And so, in crushing hydrogen at such high pressures, the physicists also got a glimpse of the inner atmosphere of a gas giant, where pressures reach millions of (Earth) atmospheres. [Elementary, My Dear: 8 Elements You’ve Never Heard Of]

Crushing hydrogen At the University of Edinburgh in Scotland, doctoral student Philip Dalladay-Simpson and his colleagues Ross Howie and Eugene Gregoryanz put a small amount of hydrogen between two diamond anvils, and dialed up the pressure to 384 gigapascals, or 55 million pounds per square inch (psi). By comparison, Earth’s atmosphere is 100 kilopascals, or 15 pounds per square inch, at sea level. On Jupiter, the weight of the atmosphere hits 29 million psi at about 10,000 miles (16,000 kilometers) below the cloud tops, and models suggest that’s where hydrogen may take the form of a liquid metal.

In this case, when the pressure hit the 325-gigapascal mark, or 47 million psi, the hydrogen became a solid, with the atoms forming layers that alternated between orderly and jumbled arrangements. This is the first time anyone has seen this form of the element at close to room temperature (about 300 degrees Kelvin, or about 80 degrees Fahrenheit), the scientists said.

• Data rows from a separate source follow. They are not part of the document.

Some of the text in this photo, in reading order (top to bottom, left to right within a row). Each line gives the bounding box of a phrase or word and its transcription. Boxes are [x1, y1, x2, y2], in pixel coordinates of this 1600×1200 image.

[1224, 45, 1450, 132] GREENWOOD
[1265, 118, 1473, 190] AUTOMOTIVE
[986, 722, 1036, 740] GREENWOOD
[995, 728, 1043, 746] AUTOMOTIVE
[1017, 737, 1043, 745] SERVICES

“This is at much higher pressures and much higher temperatures” than previous work, Dalladay-Simpson told Live Science. Liquid hydrogen is created routinely in industry at cryogenic temperatures with pressures in the tens of atmospheres, but nobody has yet cooled the element enough to solidify it, Dalladay-Simpson said. [The 9 Biggest Unsolved Mysteries in Physics]

The boiling temperature of any substance tends to rise with pressure (and conversely, fall when the pressure drops). This is why cake mix instructions are different if you live in Denver—water boils at a lower temperature at the higher altitude. With hydrogen, only the immense pressures generated in the lab (or a gas giant’s interior) will start to liquefy and eventually solidify the gas when it is at non-cryogenic temperatures, like those on Earth’s surface.

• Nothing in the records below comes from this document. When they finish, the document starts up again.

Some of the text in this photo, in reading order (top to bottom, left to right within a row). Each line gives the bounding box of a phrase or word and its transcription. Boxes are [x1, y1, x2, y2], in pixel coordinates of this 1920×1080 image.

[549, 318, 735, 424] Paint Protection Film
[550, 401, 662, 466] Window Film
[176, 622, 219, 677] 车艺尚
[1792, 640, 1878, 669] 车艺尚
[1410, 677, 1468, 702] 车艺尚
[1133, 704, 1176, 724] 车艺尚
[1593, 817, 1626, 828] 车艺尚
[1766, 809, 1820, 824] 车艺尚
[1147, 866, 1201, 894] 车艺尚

Making metallic hydrogen In 2011, a team of scientists at the Max Planck Institute for Chemistry in Mainz, Germany, said they had created metallic hydrogen, but that claim later came under some fire from other scientists and was never fully confirmed.

Dalladay-Simpson said his team didn’t make a metal, but they came close, and in the process found a new phase of hydrogen. Any material comes in different phases. Though solid, liquid and gas are the familiar phases, there are others that appear under extreme conditions.

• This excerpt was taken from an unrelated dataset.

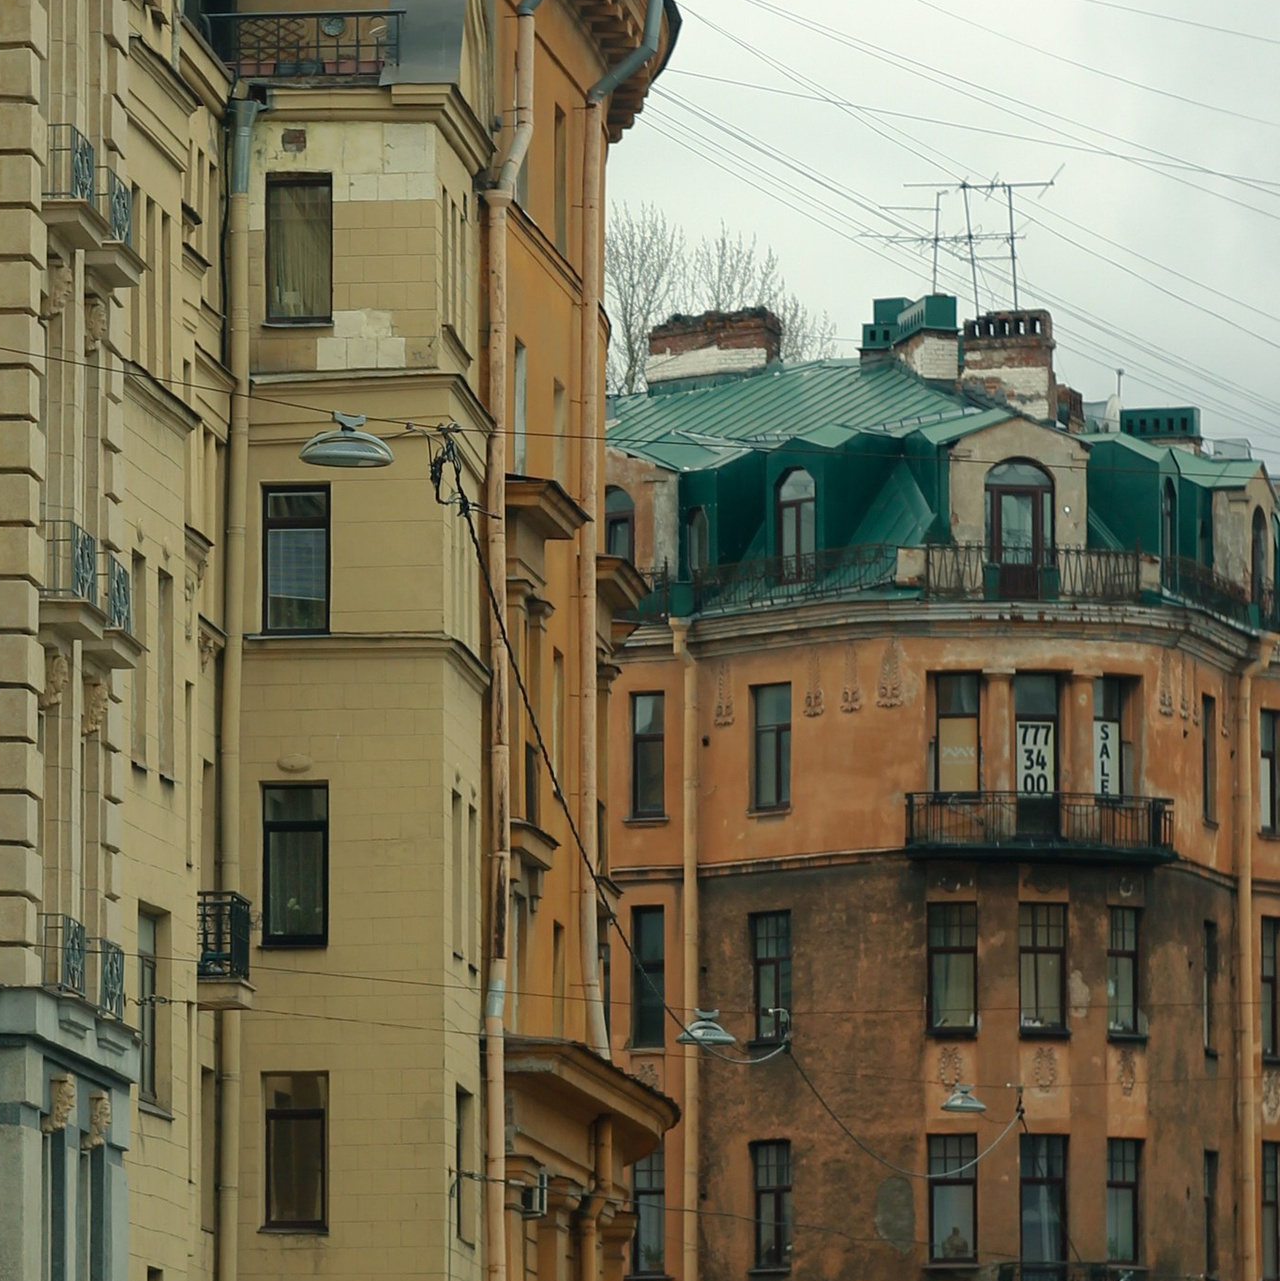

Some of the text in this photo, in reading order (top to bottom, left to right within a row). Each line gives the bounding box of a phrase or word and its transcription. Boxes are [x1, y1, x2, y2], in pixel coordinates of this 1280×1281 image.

[1018, 723, 1052, 747] 777
[1023, 748, 1048, 771] 34
[1099, 723, 1110, 795] SALE
[1023, 773, 1048, 795] 00

This happens because squeezing the hydrogen forces the individual atoms together. If you just chilled ordinary hydrogen, with the formula H2, eventually it would form an ice-like solid, with each atom would be bonded to one other but not as strongly to other pairs. “When we use pressure we force the molecules to interact,” Dalladay-Simpson said. Pressure makes the atoms together with all of their neighbors, and the H2 bonds start to break.

To test the new form of hydrogen, the researchers fired a laser at it and observed the way the wavelength of the light changed. That told them about the new structure of the material.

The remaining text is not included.